»»

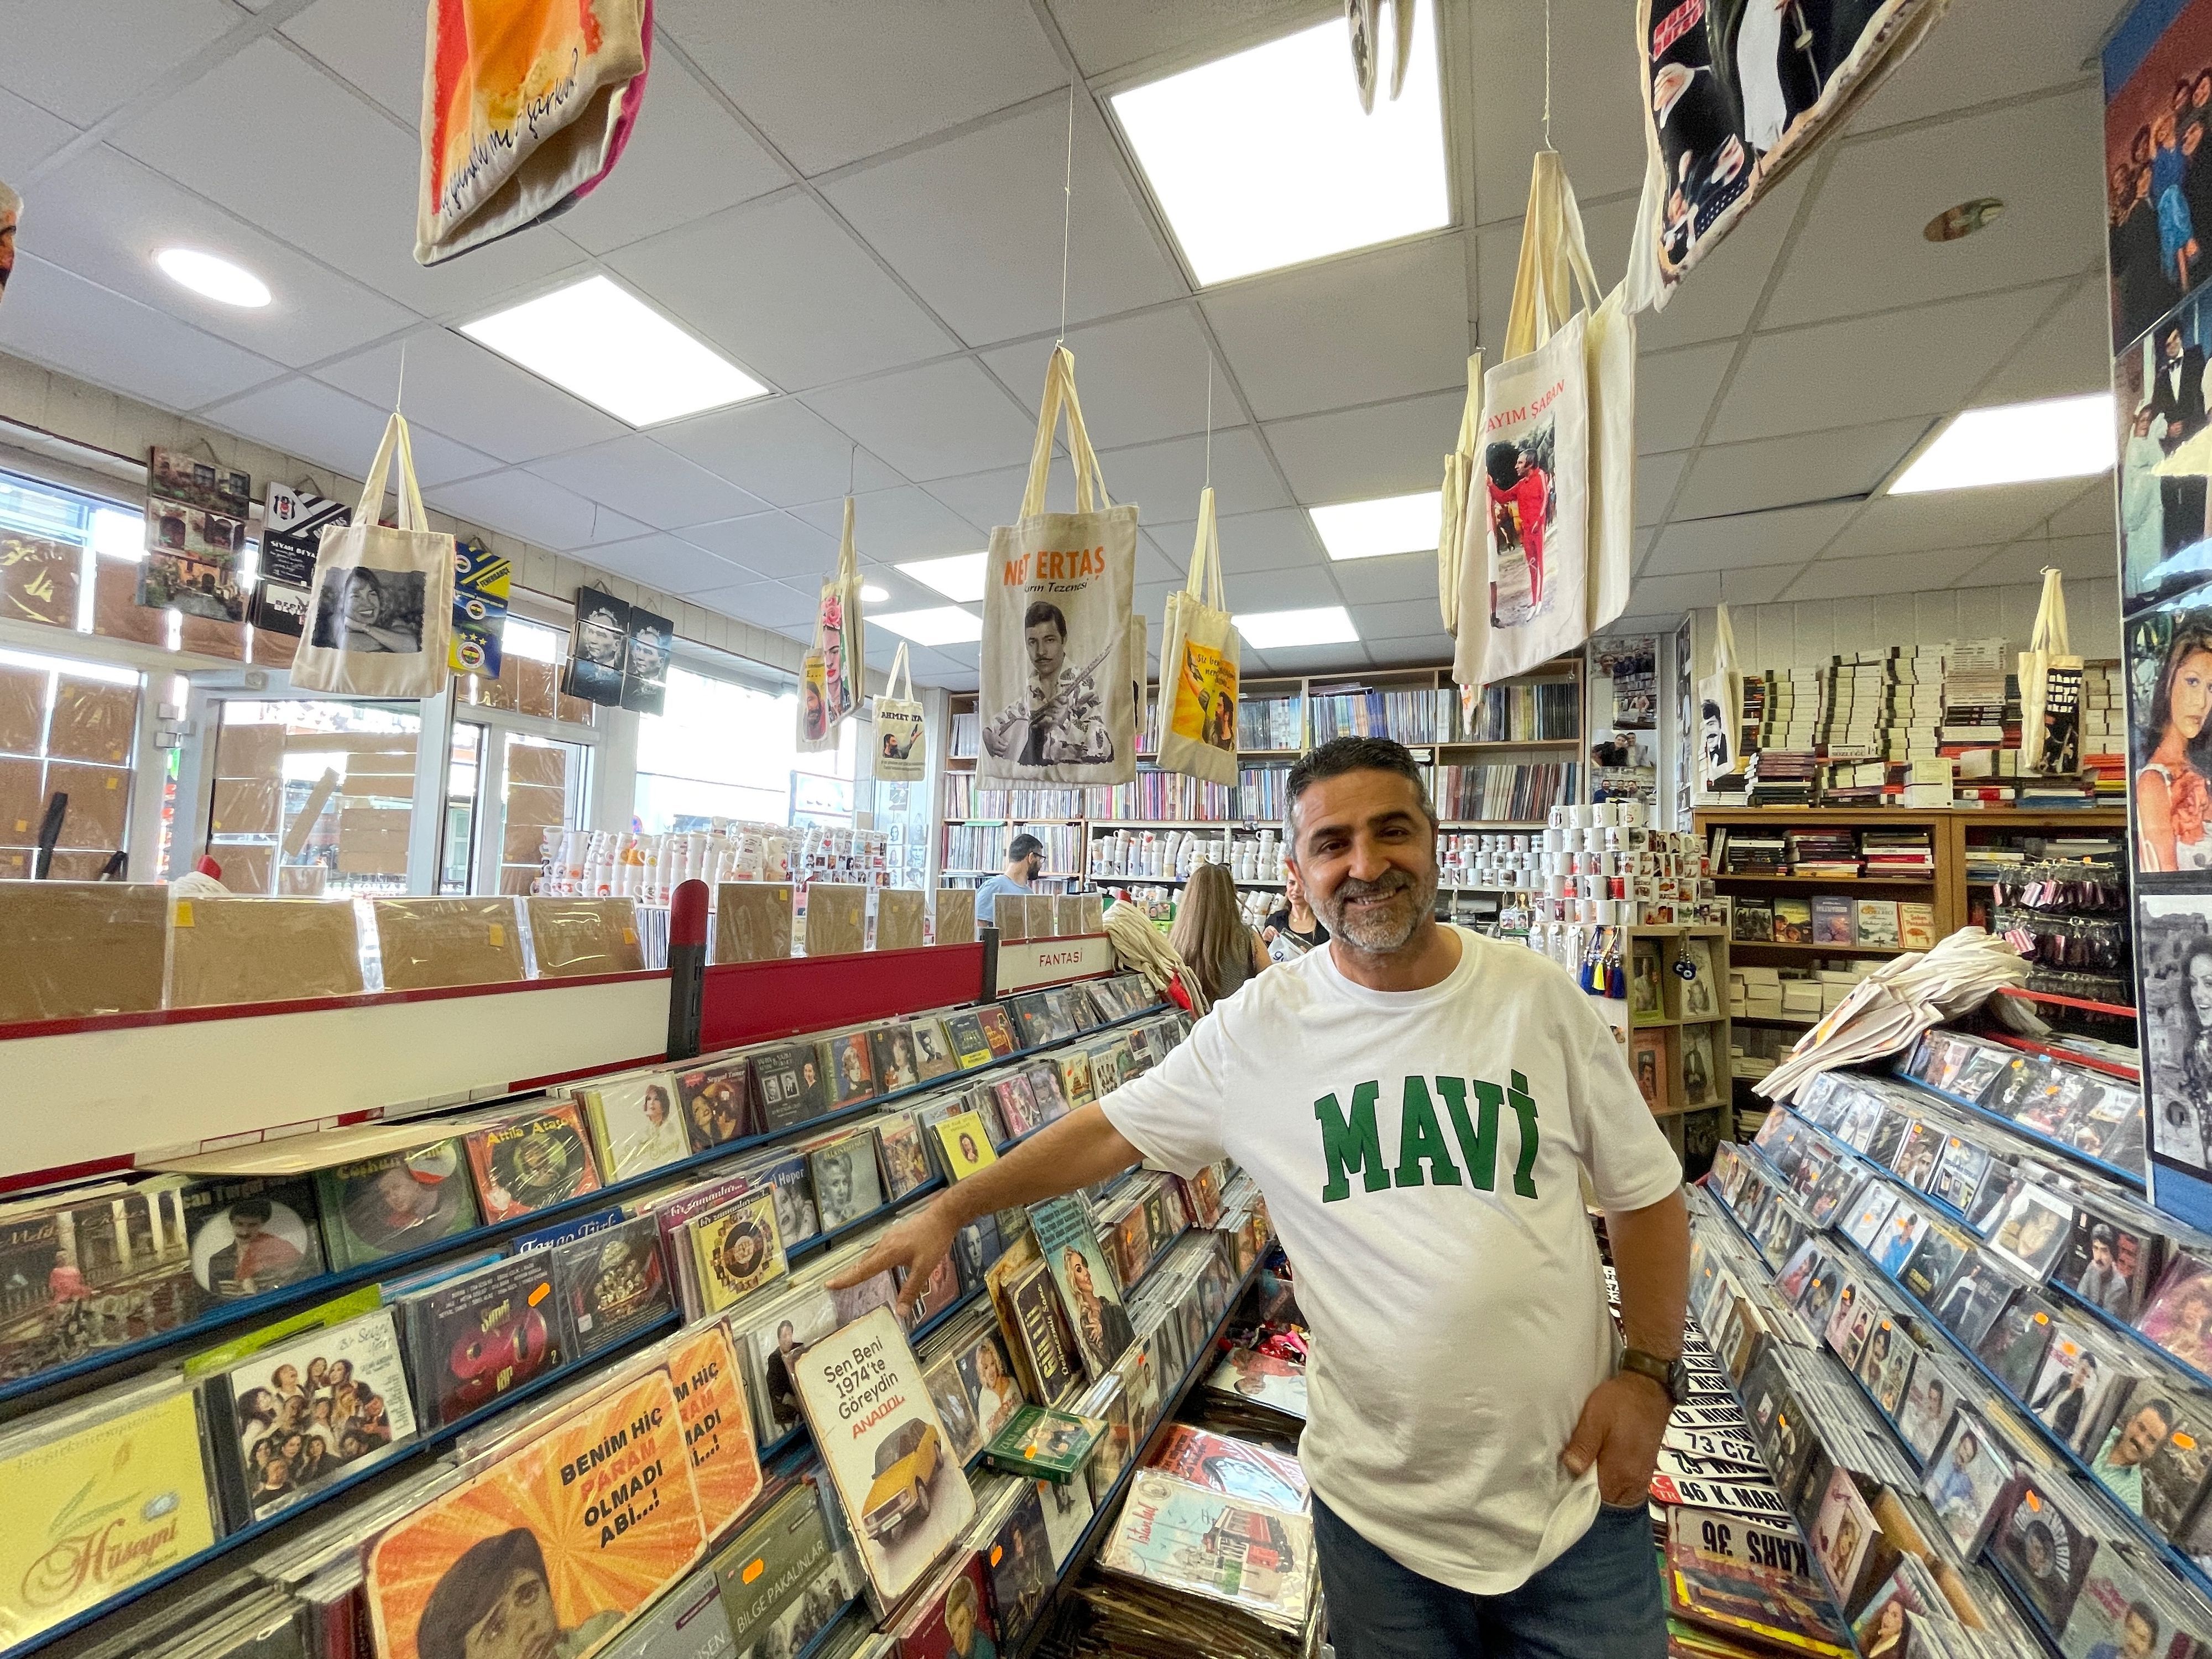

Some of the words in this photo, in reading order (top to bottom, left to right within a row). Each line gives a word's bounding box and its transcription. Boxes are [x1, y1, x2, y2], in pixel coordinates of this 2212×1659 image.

[1531, 379, 1565, 420] ŞABAN
[296, 547, 316, 559] BEYA
[1036, 546, 1105, 581] ERTAŞ
[1048, 578, 1089, 592] Tezenesi
[881, 712, 909, 721] AHMET
[1039, 948, 1083, 967] FANTASİ
[487, 1126, 524, 1147] Attila
[824, 1358, 853, 1384] Sen
[852, 1335, 884, 1365] Beni
[1024, 1305, 1058, 1379] GÜLLÜ
[692, 1362, 719, 1390] HİÇ
[835, 1358, 885, 1399] 1974'te
[838, 1371, 898, 1420] Göreydin
[852, 1394, 905, 1439] ANADOL
[560, 1430, 628, 1486] BENİM
[631, 1407, 663, 1439] HİÇ
[1684, 1432, 1715, 1454] 73
[581, 1437, 656, 1503] PARAM
[584, 1459, 663, 1527] OLMADI
[1657, 1489, 1679, 1501] TR
[1679, 1481, 1708, 1503] 46
[1702, 1520, 1733, 1557] 36
[1745, 1530, 1810, 1578] KARS
[767, 1540, 824, 1603] PAKALINLAR

««

**Work to complete:** The entire listing above is to be copied exactly, with all pictures omitted.

**Result for this exercise:**
Some of the words in this photo, in reading order (top to bottom, left to right within a row). Each line gives a word's bounding box and its transcription. Boxes are [x1, y1, x2, y2], in pixel coordinates of this 2212×1659 image.

[1531, 379, 1565, 420] ŞABAN
[296, 547, 316, 559] BEYA
[1036, 546, 1105, 581] ERTAŞ
[1048, 578, 1089, 592] Tezenesi
[881, 712, 909, 721] AHMET
[1039, 948, 1083, 967] FANTASİ
[487, 1126, 524, 1147] Attila
[824, 1358, 853, 1384] Sen
[852, 1335, 884, 1365] Beni
[1024, 1305, 1058, 1379] GÜLLÜ
[692, 1362, 719, 1390] HİÇ
[835, 1358, 885, 1399] 1974'te
[838, 1371, 898, 1420] Göreydin
[852, 1394, 905, 1439] ANADOL
[560, 1430, 628, 1486] BENİM
[631, 1407, 663, 1439] HİÇ
[1684, 1432, 1715, 1454] 73
[581, 1437, 656, 1503] PARAM
[584, 1459, 663, 1527] OLMADI
[1657, 1489, 1679, 1501] TR
[1679, 1481, 1708, 1503] 46
[1702, 1520, 1733, 1557] 36
[1745, 1530, 1810, 1578] KARS
[767, 1540, 824, 1603] PAKALINLAR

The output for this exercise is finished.